Public Version vApril 04'

1939 to 1940

A Narrative Timeline Of AA History – 1774 to 2003

1939

Jan, the draft book text and personal stories were completed. (AACOA 164, BW-RT 255)

Jan, 400 multilith copies of the book were distributed for evaluation. Each copy was stamped “Loan Copy” to protect the coming copyright. (AACOA 165, LR 197, NG 74, 319, PIO 200) NY member Jim B (Vicious Cycle) suggested the phrases “God as we understand Him” and “Power greater than ourselves” be added to the Steps and basic text. Bill W later wrote “Those expressions, as we so well know today, have proved lifesavers for many an alcoholic.” (LOH 201) Note: Jim B later moved to Philadelphia, PA in Feb 1940 and started AA there. He also helped start AA in Baltimore, MD. (AACOA 17, BW-FH 140, GTBT 137, WPR 81)

Jan 18, The Alcoholic Foundation Board increased from 5 to 7 members. Non-alcoholics still held the majority. New members were alcoholic Harry B (A Different Slant) as the newly appointed second Board Chairman and Dr Leonard V Strong (Bill W’s brother-in-law). Harry B also later returned to drinking and was replaced in Dec (GSO, PIO 189) Foundation Trustees could appoint their own successors and were “chartered to do everything under the sun.” (LOH 61)

Mar (?), the much changed book manuscript was turned over to Tom Uzzell. He was a friend of Hank P, an editor at Collier’s and a member of the NYU faculty. The manuscript was variously estimated as 600 to 1,200 pages (including personal stories). Uzzell reduced it to approximately 400 pages. Most cuts came from the personal stories, which had also been edited by Jim S (The News Hawk) a journalist from Akron, OH. (AACOA 164, BW-FH 126, PIO 203)

Mar, (?), Bill W, Hank P, Ruth Hock and Dorothy S (wife of Cleveland pioneer Clarence S) drove to Cornwall, NY and presented a much altered manuscript to the printing plant of Cornwall Press. When the plant manager saw the condition of the manuscript, he almost sent them back to type a clean copy. Hank P persuaded the manager to accept the manuscript on condition that the group would examine and correct galley proofs as they came off the press. The group checked in to a local hotel and spent the next several days proofreading galleys. (WPR 81-82)

Apr, 4,730 copies of the first Ed. of Alcoholics Anonymous were published at a selling price of $3.50 ($46 today). The printer, Edward Blackwell of Cornwall Press, was told to use the thickest paper in his shop. The large, bulky volume became known as the “Big Book.” The idea was to convince the alcoholic he was getting his money’s worth. (AACOA viii, 170, NG 76, PIO 204-205, GB 59) Ray C (An Artist’s Concept) designed the “circus color” dust jacket. The book had 8 roman and 400 Arabic numbered pages. The Doctor’s Opinion started as page 1 and the basic text ended at page 174. The manuscript story of an Akron member, Ace Full - Seven - Eleven, was dropped (reputedly, because he was not too pleased with changes made to the first drafts of the Steps and text). 29 stories were included (10 from the east coast, 18 from the mid-west and 1 from the west coast - which was ghost written by Ruth Hock and later removed from the book) (www)

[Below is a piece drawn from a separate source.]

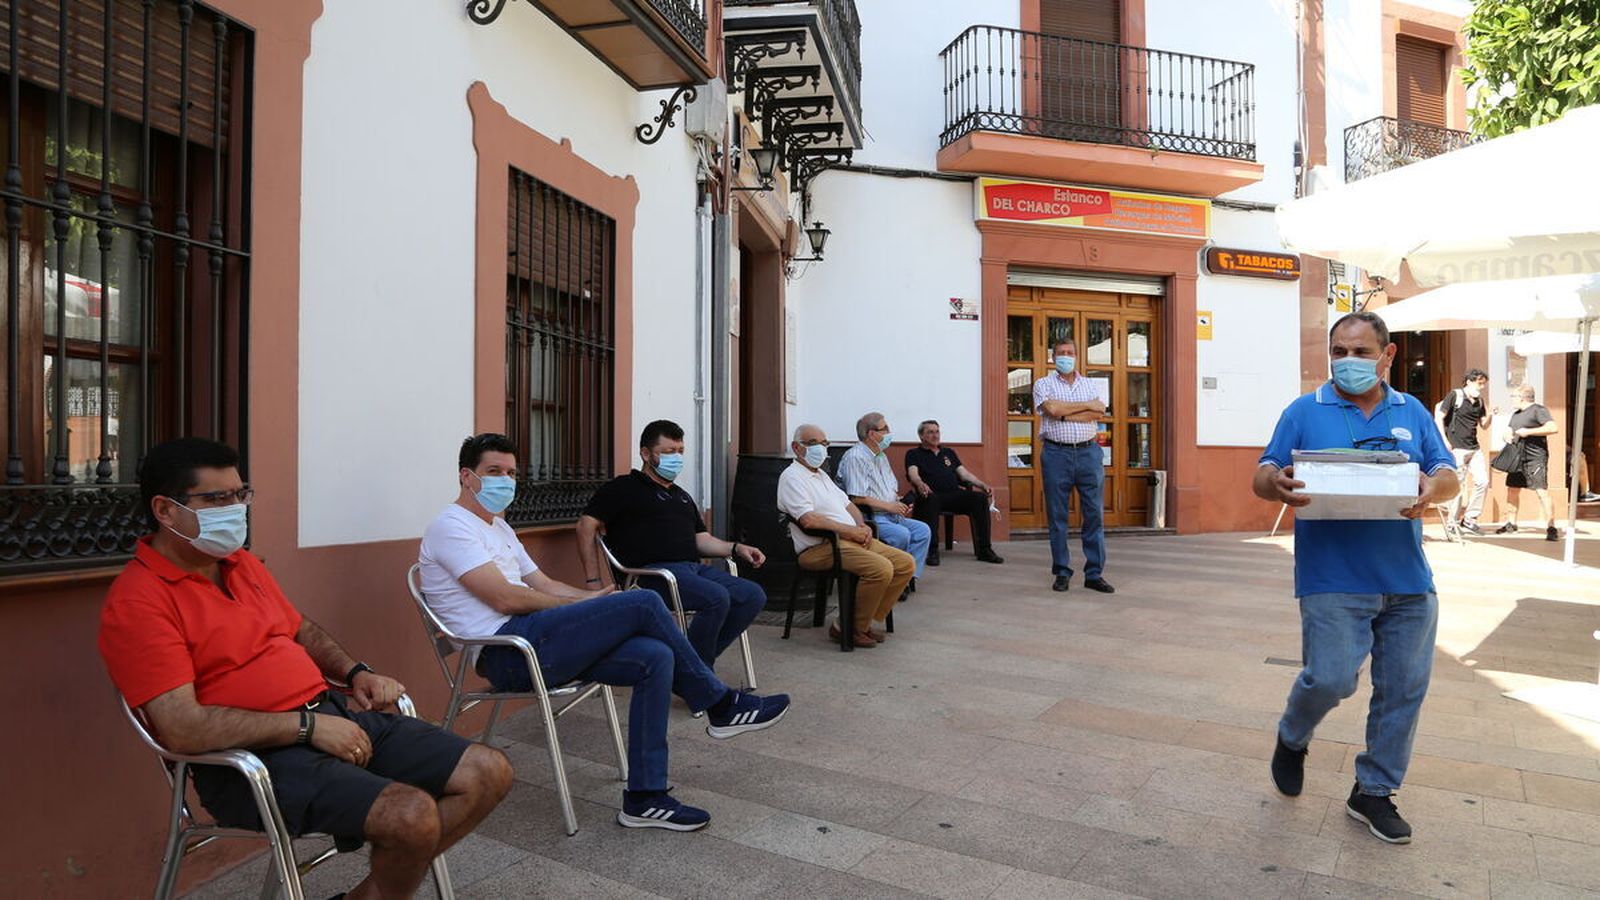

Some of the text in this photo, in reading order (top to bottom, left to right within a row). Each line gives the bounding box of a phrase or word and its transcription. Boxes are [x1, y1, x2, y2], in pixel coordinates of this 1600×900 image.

Apr 11, Marty Mann (age 35, Women Suffer Too) attended her first meeting at 182 Clinton St. For the prior 15 months, she was a charity patient at Bellevue Hospital in NYC and the Blythewood Sanitarium in Greenwich, CT (under the care of Dr Harry Tiebout). Tiebout gave her a manuscript of the Big Book and arranged for Marty to go to the meeting. Upon her return to Blythewood, she told fellow patient, Grenville (Grennie) Francis C “we are not alone.” Marty later established an AA Group at the Sanitarium. (BW-RT 271, BW-FH 8, 125-126, AACOA 3, 18-19, PIO 210-213, CB 119-121, MMM 111-123)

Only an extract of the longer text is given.